The staircase Keitaro is seen walking up is San'nen Zaka, also known as San'nei Zaka, which literally translates to "Three-Year Hill." Among the children in Kyoto, it is said that if you fall here, you will die within three years. Therefore, you hardly see children running around in this area. San'nen Zaka is very steep, and it is tiring to walk up this hill, especially in the summer.
Other Kyoto images are based on images taken along the Higashiyama tourist path and the Yasaka Shrine.
The teahouse Naru was visiting near the Shinmei-ryu Dojo is based a soba shop in the Nishikyou district of Kyoto. While the bridge she and Keitaro are later seen on is based on the Sanjō Ōhashi bridge stretching across the Kamo River in Kyoto.

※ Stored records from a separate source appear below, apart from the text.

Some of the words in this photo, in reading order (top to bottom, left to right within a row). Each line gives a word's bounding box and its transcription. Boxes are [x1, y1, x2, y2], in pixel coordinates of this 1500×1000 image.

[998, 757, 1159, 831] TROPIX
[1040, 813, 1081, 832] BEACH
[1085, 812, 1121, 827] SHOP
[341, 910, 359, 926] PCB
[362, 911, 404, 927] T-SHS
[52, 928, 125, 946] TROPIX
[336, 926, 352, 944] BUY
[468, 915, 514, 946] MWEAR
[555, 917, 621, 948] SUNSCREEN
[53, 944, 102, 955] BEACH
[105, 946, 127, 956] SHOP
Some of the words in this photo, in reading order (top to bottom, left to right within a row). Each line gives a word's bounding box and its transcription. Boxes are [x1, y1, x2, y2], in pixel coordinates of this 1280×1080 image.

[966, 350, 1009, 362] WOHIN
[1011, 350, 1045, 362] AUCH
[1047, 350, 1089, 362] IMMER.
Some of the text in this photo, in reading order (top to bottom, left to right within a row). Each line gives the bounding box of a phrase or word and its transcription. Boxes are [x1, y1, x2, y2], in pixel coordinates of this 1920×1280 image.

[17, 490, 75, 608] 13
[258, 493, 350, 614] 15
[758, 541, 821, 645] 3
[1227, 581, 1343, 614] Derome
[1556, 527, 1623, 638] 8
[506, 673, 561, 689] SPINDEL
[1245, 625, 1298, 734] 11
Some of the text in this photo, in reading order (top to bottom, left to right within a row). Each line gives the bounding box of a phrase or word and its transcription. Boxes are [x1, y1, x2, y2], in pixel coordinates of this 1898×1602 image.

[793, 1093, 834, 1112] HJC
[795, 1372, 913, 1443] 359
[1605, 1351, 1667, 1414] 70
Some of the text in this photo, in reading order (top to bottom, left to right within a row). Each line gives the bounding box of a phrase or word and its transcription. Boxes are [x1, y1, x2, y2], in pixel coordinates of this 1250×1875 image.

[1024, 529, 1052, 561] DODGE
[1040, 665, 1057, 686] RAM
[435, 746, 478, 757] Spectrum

Negima! Magister Negi MagiEdit
- Main Article: Kyoto
- When a lot of foreign tourists began remarking how ugly downtown Kyoto was, describing it as a “jumbled mess” and “old and dreary” and “not clean.” With many of the "nice spots" isolated from one another and surrounded by roads lined with wire-laden utility poles and buildings thrown up with little rhyme or reason. New rules went into effect in 2007 that aimed to reduce the city's clutter. These rules included banning flashing billboards and rooftop signs, as well as preventing buildings from reaching higher than 31 meters (19 stories). Regulations also covered the color and design of buildings.
- In the pursuit of maintaining the city's cultural image, the traditional wooden kyo-machiya houses (vernacular wooden houses unique to Kyoto), that have begun fading from the city since the postwar era, have been named endangered cultural heritage sites by the World Monument Fund.